At its peak, the complex housed nine nuclear reactors and five plutonium processing plants. The complex fueled the world’s first nuclear bomb, detonated at the Trinity site in the New Mexico desert, and Fat Man, the bomb the United States dropped over Hiroshima, Japan.

The Hanford Site produced the plutonium that fueled the world's first nuclear explosion at the Trinity site.

Berlyn Brixner; Wikipedia

Officials are claiming to have put the area’s polluted past behind them — or at least far enough away that it poses no risk to visitors. The radioactive material is kept several miles away in containment tanks and actually functions as a real-life laboratory on how to deal with radioactive contaminants that attracts thousands of scientists a year.

The new plan to attract visitors centers around the historic B Reactor, which produced the Nagasaki fuel, and the towns of Hanford and White Bluff, which saw its populations replaced by 50,000 Manhattan Project workers during World War II.

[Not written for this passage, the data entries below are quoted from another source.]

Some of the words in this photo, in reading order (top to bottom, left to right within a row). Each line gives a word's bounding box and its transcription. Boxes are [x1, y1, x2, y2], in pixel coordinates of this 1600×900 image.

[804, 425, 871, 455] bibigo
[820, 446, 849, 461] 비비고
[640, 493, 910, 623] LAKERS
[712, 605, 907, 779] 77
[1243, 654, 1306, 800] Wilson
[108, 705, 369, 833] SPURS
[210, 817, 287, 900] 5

“The intention of the park is to tell the full and complex and convoluted story,” Chip Jenkins of the National Park Service told The Guardian. That story is still being developed, but will certainly include a Japanese perspective, he said.

“What happened at B Reactor changed the course of human history,” Jenkins said. “They went from sparsely populated ranching communities to the first packet of plutonium over the course of 18 months.”

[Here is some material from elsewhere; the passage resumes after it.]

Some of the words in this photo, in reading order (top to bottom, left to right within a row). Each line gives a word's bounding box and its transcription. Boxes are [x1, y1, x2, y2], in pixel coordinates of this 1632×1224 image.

The Hanford Site has become infamous in recent years as the home of much of the country's nuclear waste. 

Ellery; Wikipedia

The Hanford Site joins Los Alamos, and Oak Ridge, Tennessee to form the new national park. While Reactor B has been open to the public for tours since 2009, officials are planning for that number to increase over the coming years.

Let’s hope those visits really pick up soon. We’re a country in debt, but we still spend nearly $1 billion every year to contain the site’s nuclear pollution.